Assignment » Every entry should be returned exactly. Omit none of them.

_____

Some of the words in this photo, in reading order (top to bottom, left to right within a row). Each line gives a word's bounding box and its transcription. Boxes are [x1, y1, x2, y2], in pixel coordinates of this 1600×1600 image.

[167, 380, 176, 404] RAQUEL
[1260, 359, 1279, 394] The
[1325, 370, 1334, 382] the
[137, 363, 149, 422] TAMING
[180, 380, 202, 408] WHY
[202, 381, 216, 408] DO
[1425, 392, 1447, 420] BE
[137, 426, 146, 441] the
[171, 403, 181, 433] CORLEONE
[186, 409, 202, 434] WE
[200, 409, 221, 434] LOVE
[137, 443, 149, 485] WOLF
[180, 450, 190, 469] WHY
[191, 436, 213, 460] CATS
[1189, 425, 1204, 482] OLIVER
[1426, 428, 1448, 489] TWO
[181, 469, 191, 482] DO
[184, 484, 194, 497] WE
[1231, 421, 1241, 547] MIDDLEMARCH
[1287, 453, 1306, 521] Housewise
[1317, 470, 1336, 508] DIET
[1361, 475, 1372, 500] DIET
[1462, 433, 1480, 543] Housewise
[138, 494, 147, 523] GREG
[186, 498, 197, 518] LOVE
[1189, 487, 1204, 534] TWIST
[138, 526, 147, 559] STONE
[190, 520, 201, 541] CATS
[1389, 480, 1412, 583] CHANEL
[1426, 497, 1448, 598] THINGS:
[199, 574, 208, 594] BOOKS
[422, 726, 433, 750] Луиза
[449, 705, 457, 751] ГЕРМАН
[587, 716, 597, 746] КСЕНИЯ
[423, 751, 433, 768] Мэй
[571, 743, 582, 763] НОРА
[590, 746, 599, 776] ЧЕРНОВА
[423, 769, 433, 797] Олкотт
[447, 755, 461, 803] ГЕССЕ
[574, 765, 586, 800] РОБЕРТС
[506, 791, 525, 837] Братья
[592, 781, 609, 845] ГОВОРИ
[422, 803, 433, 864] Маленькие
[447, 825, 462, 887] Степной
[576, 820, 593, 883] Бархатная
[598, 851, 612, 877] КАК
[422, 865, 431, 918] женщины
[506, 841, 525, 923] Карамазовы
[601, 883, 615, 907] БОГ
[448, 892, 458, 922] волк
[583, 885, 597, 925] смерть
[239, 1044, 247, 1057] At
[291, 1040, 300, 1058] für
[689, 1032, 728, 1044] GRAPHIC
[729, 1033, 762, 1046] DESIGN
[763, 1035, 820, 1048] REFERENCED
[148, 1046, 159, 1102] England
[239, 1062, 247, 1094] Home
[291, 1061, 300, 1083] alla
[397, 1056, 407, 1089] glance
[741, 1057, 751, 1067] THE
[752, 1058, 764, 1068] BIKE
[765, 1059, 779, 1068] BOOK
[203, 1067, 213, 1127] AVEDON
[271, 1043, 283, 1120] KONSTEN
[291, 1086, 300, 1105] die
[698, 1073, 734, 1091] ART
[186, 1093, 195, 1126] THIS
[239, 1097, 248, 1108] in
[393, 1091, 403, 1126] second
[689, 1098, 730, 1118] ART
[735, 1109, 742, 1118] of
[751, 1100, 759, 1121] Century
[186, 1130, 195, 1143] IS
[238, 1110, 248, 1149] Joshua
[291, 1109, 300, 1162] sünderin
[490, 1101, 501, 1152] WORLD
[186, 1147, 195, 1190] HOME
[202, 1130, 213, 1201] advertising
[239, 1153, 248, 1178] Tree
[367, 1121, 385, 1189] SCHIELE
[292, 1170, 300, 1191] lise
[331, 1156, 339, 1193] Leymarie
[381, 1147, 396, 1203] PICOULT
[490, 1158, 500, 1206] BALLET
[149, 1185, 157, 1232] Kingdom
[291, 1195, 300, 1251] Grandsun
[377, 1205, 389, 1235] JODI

_____

Your solution »
Some of the words in this photo, in reading order (top to bottom, left to right within a row). Each line gives a word's bounding box and its transcription. Boxes are [x1, y1, x2, y2], in pixel coordinates of this 1600×1600 image.

[167, 380, 176, 404] RAQUEL
[1260, 359, 1279, 394] The
[1325, 370, 1334, 382] the
[137, 363, 149, 422] TAMING
[180, 380, 202, 408] WHY
[202, 381, 216, 408] DO
[1425, 392, 1447, 420] BE
[137, 426, 146, 441] the
[171, 403, 181, 433] CORLEONE
[186, 409, 202, 434] WE
[200, 409, 221, 434] LOVE
[137, 443, 149, 485] WOLF
[180, 450, 190, 469] WHY
[191, 436, 213, 460] CATS
[1189, 425, 1204, 482] OLIVER
[1426, 428, 1448, 489] TWO
[181, 469, 191, 482] DO
[184, 484, 194, 497] WE
[1231, 421, 1241, 547] MIDDLEMARCH
[1287, 453, 1306, 521] Housewise
[1317, 470, 1336, 508] DIET
[1361, 475, 1372, 500] DIET
[1462, 433, 1480, 543] Housewise
[138, 494, 147, 523] GREG
[186, 498, 197, 518] LOVE
[1189, 487, 1204, 534] TWIST
[138, 526, 147, 559] STONE
[190, 520, 201, 541] CATS
[1389, 480, 1412, 583] CHANEL
[1426, 497, 1448, 598] THINGS:
[199, 574, 208, 594] BOOKS
[422, 726, 433, 750] Луиза
[449, 705, 457, 751] ГЕРМАН
[587, 716, 597, 746] КСЕНИЯ
[423, 751, 433, 768] Мэй
[571, 743, 582, 763] НОРА
[590, 746, 599, 776] ЧЕРНОВА
[423, 769, 433, 797] Олкотт
[447, 755, 461, 803] ГЕССЕ
[574, 765, 586, 800] РОБЕРТС
[506, 791, 525, 837] Братья
[592, 781, 609, 845] ГОВОРИ
[422, 803, 433, 864] Маленькие
[447, 825, 462, 887] Степной
[576, 820, 593, 883] Бархатная
[598, 851, 612, 877] КАК
[422, 865, 431, 918] женщины
[506, 841, 525, 923] Карамазовы
[601, 883, 615, 907] БОГ
[448, 892, 458, 922] волк
[583, 885, 597, 925] смерть
[239, 1044, 247, 1057] At
[291, 1040, 300, 1058] für
[689, 1032, 728, 1044] GRAPHIC
[729, 1033, 762, 1046] DESIGN
[763, 1035, 820, 1048] REFERENCED
[148, 1046, 159, 1102] England
[239, 1062, 247, 1094] Home
[291, 1061, 300, 1083] alla
[397, 1056, 407, 1089] glance
[741, 1057, 751, 1067] THE
[752, 1058, 764, 1068] BIKE
[765, 1059, 779, 1068] BOOK
[203, 1067, 213, 1127] AVEDON
[271, 1043, 283, 1120] KONSTEN
[291, 1086, 300, 1105] die
[698, 1073, 734, 1091] ART
[186, 1093, 195, 1126] THIS
[239, 1097, 248, 1108] in
[393, 1091, 403, 1126] second
[689, 1098, 730, 1118] ART
[735, 1109, 742, 1118] of
[751, 1100, 759, 1121] Century
[186, 1130, 195, 1143] IS
[238, 1110, 248, 1149] Joshua
[291, 1109, 300, 1162] sünderin
[490, 1101, 501, 1152] WORLD
[186, 1147, 195, 1190] HOME
[202, 1130, 213, 1201] advertising
[239, 1153, 248, 1178] Tree
[367, 1121, 385, 1189] SCHIELE
[292, 1170, 300, 1191] lise
[331, 1156, 339, 1193] Leymarie
[381, 1147, 396, 1203] PICOULT
[490, 1158, 500, 1206] BALLET
[149, 1185, 157, 1232] Kingdom
[291, 1195, 300, 1251] Grandsun
[377, 1205, 389, 1235] JODI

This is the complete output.